Investir dans des solutions au lieu de repousser le problème semble logique. Cela semble également juste.

Lorsque Torres a décidé pour la première fois d’écrire sur la question pour son cours d’anglais, elle hésitait à partager son lien personnel avec le sujet. Mais lorsque cette dissertation en classe lui a permis de participer à la Programme One World Education, elle a décidé qu’il était important de s’ouvrir.

Le programme est né de la frustration d’un enseignant de DC face au manque d’engagement des étudiants dans les travaux de rédaction et est devenu un programme qui voit chaque année scolaire des milliers d’enfants de la ville écrire sur des questions qui les intéressent.

Au cours d’une année normale, les paroles des élèves offrent des points de vue puissants sur leur vie, leurs peurs et leurs espoirs.

Au cours d’une année pandémique, ils fournissent d’importants récits à la première personne de ce que les étudiants ont vécu à une époque historique, celle où un virus a séparé les gens, les appels à la justice raciale les ont rapprochés et l’incertitude économique les a laissés sur un terrain changeant. . Ils offrent également aux étudiants une chance de gagner un prix en argent. Le montant le plus élevé dans la catégorie de Torres était de 1 000 $.
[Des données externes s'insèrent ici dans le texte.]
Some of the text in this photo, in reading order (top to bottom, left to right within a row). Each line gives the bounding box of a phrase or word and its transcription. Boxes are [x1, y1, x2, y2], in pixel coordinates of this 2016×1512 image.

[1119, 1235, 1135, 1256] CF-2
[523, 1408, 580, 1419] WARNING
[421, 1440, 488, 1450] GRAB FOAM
Cette année, un lycéen a concentré sa présentation sur les enfants migrants détenus par le gouvernement. Dans sa vidéo, elle cite non seulement des statistiques, mais aussi sa propre expérience dans un centre de détention du Texas après que sa mère a reçu un ordre d’expulsion.

«Être là m’a laissé la peur d’être séparée d’elle, et c’est une peur qu’aucun enfant ne devrait jamais avoir à traverser», dit-elle. Elle raconte avoir vu des gens servir de la nourriture périmée et dormir dans des salles de bain en raison de la surpopulation. «Quand j’ai été détenu, j’étais déshumanisé.»
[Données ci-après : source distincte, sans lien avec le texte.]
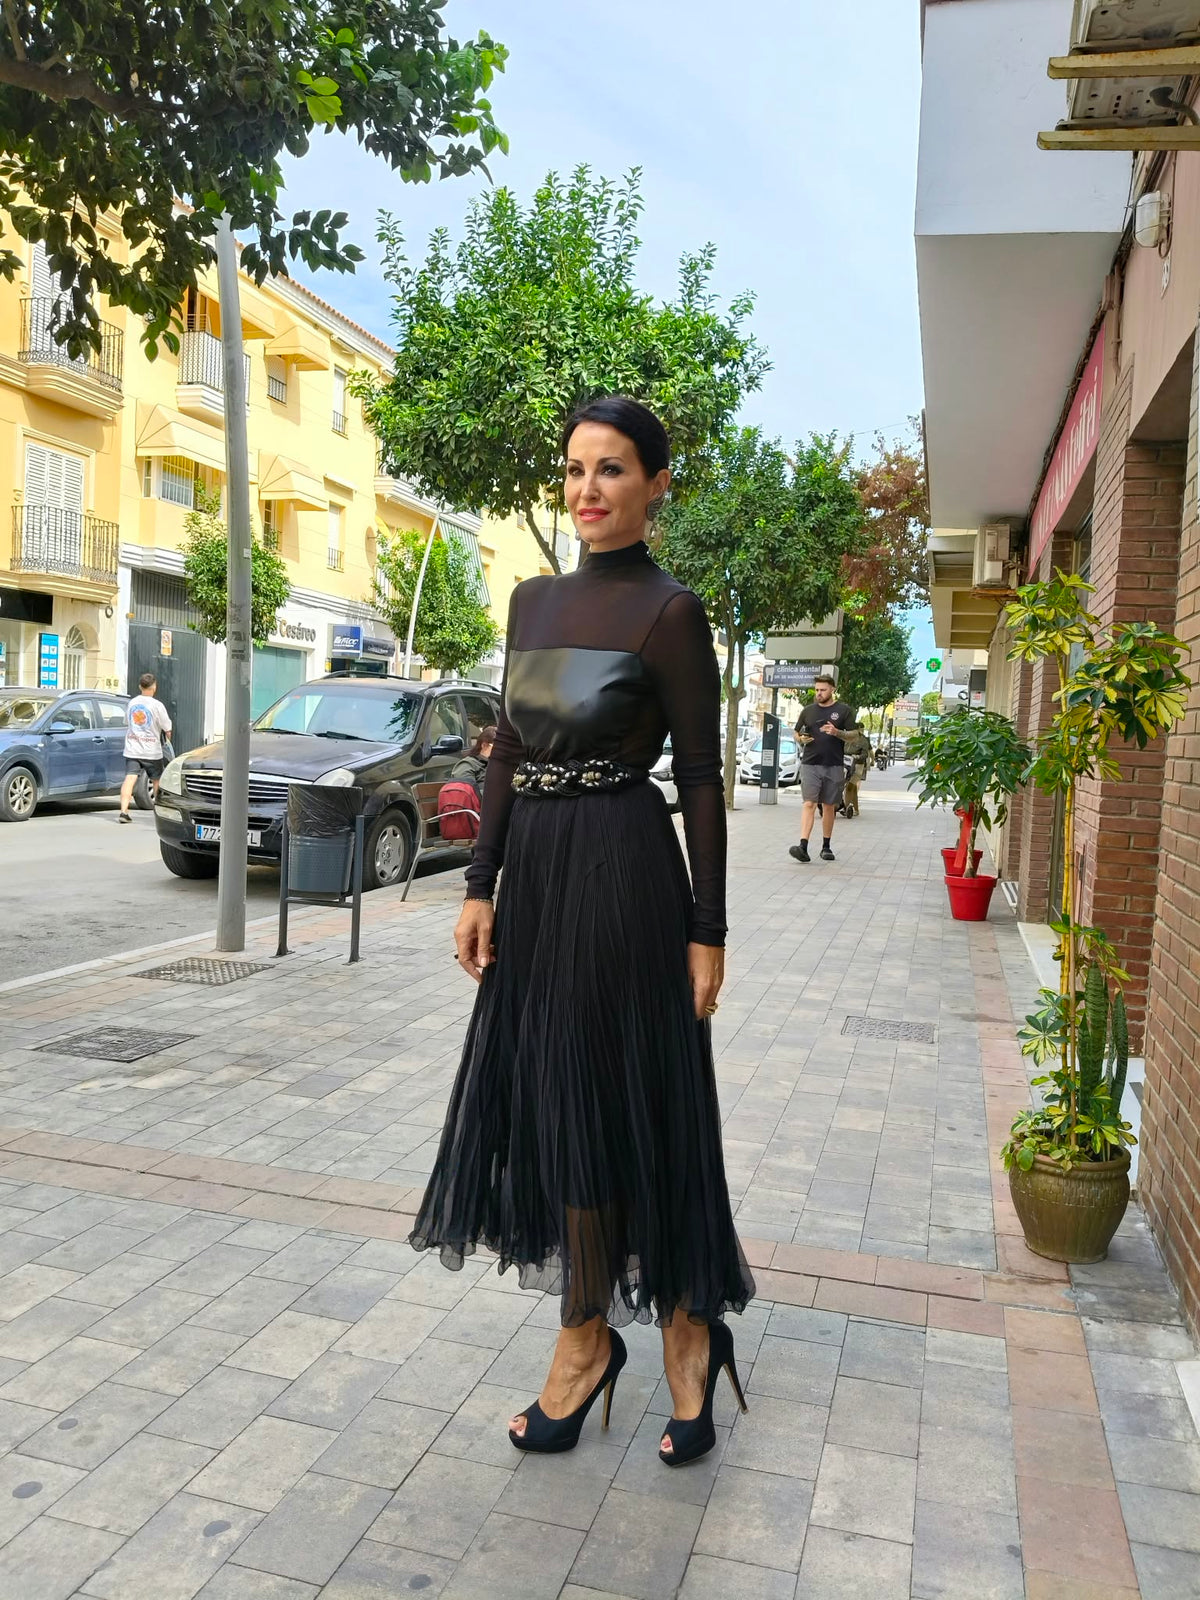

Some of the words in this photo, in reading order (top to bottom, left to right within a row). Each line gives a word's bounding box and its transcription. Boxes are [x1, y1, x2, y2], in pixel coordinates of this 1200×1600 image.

[279, 619, 316, 642] Cesáreo
[799, 665, 821, 673] dental
[767, 724, 774, 732] P
Une autre étudiante a choisi comme sujet le suicide chez les adolescentes. Dans un essai, elle raconte avoir perdu l’un de ses amis les plus proches et plaide pour que les gens accordent plus d’attention au problème.

«Prenez cela au sérieux», dit-elle. «Imaginez si c’était un membre de votre famille, ne voudriez-vous pas savoir que quelqu’un vous soutient et pourrait vous aider? Je sais que je l’aurais voulu.

Natalie Hinds, une éducatrice de DC qui a travaillé avec les étudiants pour One World, dit que l’aspect le plus puissant du programme pour elle était «d’entendre leurs raisons».

«Tout le monde peut choisir un sujet sur lequel il peut écrire, mais comprendre pourquoi c’est important pour lui a été la partie la plus éclairante», dit-elle. Elle se souvient d’avoir été frappée par le pourquoi de Torres et de sa volonté de le partager dès le début des discussions de groupe.

«Me sentir assez courageux pour pouvoir partager cela sans crainte de jugement me semblait remarquable», dit Hinds. «Elle m’a inspiré en tant qu’éducatrice et en tant que femme à être courageuse et vulnérable et à comprendre que les gens ne savent peut-être pas de quoi je parle, mais parce que je suis prêt à partager, peut-être qu’ils comprendront et seront même d’accord avec ce que je dis-je.

Hinds dit que Torres a également changé sa façon de voir les espaces extérieurs à New York, où elle a grandi, et dans le district.

Le soir où l’organisation a annoncé les gagnants, Torres a regardé à travers un écran dans l’appartement qu’elle craignait – et craint toujours – de perdre. Sa mère, dit-elle, a réussi à les garder logés en utilisant son chèque de relance, en obtenant l’aide d’un organisme communautaire et en nettoyant les bâtiments quand elle le peut.

Quand son nom a été appelé, Torres a écouté seule. Sa mère voulait être témoin de ce moment, mais elle ne pouvait pas. Elle devait travailler.